Although Hamburg, like most other big cities today, provides visitors with a broad range of walking tours, it’s still nice to be able to explore the city on your own. Luckily, this is a piece of cake in Germany’s second largest city, because the infrastructure is ideal for the purpose – and the beautiful Altstadt (Old Town), is certainly no exception.
The route takes approximately one hour to complete, and it grants you the possibility of diving into Hamburg’s history and even a UNESCO World Heritage site – the Speicherstadt. But before we get started; let’s have a brief recap of Hamburg’s impressive past.
History of Hamburg:
Today, Hamburg is Germany’s second largest city with around 1,8 million inhabitants, but it was originally founded in the 9th century as a mission settlement to convert the Saxons. It quickly grew, though, and during the Middle Ages, Hamburg was already one of the most important trading centres in Europe. Due to the convenient location of its port, the city became a member of the medieval Hanseatic trading league together with Lübeck.
Today, Hamburg is one of the wealthiest cities in Europe.
Starting point: City Hall, Rathausmarkt
Hamburg’s great city hall was constructed from 1886-1897 and it still houses the beautiful office of the city’s first major. Book a guided tour of the town hall or explore the impressive building on your own. Tickets can be purchased online.
NB! In December, Hamburg’s most charming Christmas market takes place on Rathausmarkt every day from 11AM-9PM.
(Feeling hungry? Stop off for a plate of Fisch’n’Chips at Daniel Wischer on Grosse Johannistrasse 3. They’ve been specializing in quality fish dishes since 1924. It’s also possible to order to-go).
Cross the Börsenbrücke and Trostbrücke bridges
Did you know that Hamburg has more bridges than Amsterdam and Venice combined? It does – thanks to its vast canal system. When you cross the bridges, you get a feeling of stepping from one world into another. Originally built in wood back in the 13th century, the Trostbrücke remains a symbol of the oldest connection between the old town and the new city. It was rebuilt in 1881.
Originally built in 1195, the Medieval parish church of St. Nikolai has gone through more turbulent times than most monuments in Hamburg. It was destroyed in the great fire in 1842, and it took 32 years to rebuild it, only this time, it would appear much more impressive than before.
Unfortunately, the joy wouldn’t last long, as St.

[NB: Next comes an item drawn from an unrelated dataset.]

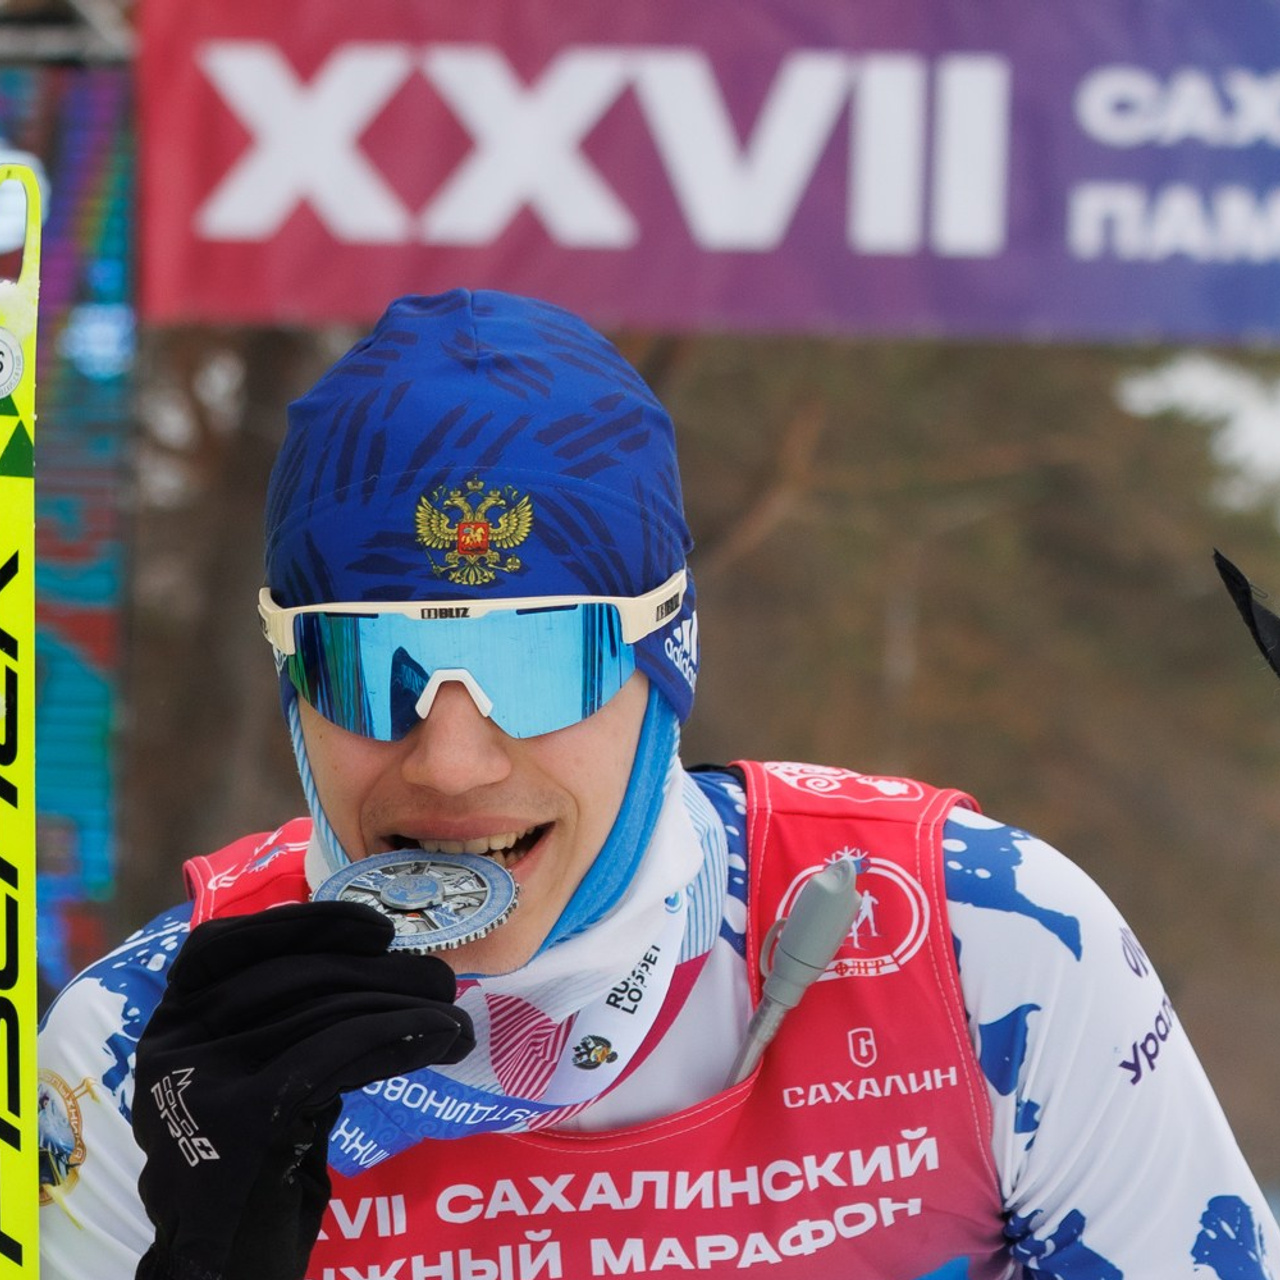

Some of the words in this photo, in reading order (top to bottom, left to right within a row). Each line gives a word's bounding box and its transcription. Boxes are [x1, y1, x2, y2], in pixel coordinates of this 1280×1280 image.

Nikolai was destroyed once again some 100 years later, namely during World War II in 1943. Today, the remains of the beautiful church serve as a war memorial, and apart from having a wander through different exhibitions and events, visitors can access the viewing platform from where they can admire one of the best views of Hamburg. The spire still provides the highest point in the city.
Take a stroll on Hopfenmarkt and Deichstrasse
Continue to Hopfenmarkt – or Hop Market in English. This is a former marketplace in the oldest part of the city, and it lies just in front of the ruins of St. Nikolai Church, where up until 2014 it hosted weekly markets with lots of stalls. Its marketplace history goes back to the 14th century, so you might still feel the presence of history.
From Hopfenmarkt, continue south along the river. If you’re hungry, pass by Hamburg’s oldest restaurant specializing in potatoes; the Kartoffelkeller, on Deichstrasse 21. Since you’re already walking on Deichstrasse, take some time to admire the beautiful historical houses on this street. They’re amongst Hamburg’s oldest townhouses, and several of them even survived the great fire in 1842.
At the end of Deichstrasse, you’ll find Speicherstadt – a famous warehouse district, which is also a UNESCO World Heritage site. This part of the city was built between 1883 and 1927, and apart from impressive architecture and splendid views of the harbour, there are several nice restaurants, e.g. Wasserschloss, where you can enjoy both lunch and dinner. Next door is the ’Teekontor’ – a charming tea shop with more than 250 different sorts of teas from all over the world.
Admire the golden interior of St. Catherine’s Church
On your way back to your starting point, crossing the channel, there’s one last important cultural site you must encounter; the impressive St. Catherine’s Church. It’s the city’s second oldest preserved building and still one of the most important churches of Hamburg.
Legend has it that a famous pirate by the name of Störtebeker had all his gold melted down so that it could adorn the interior of the church. If you plan ahead you can also enjoy one of the many services or concerts held there.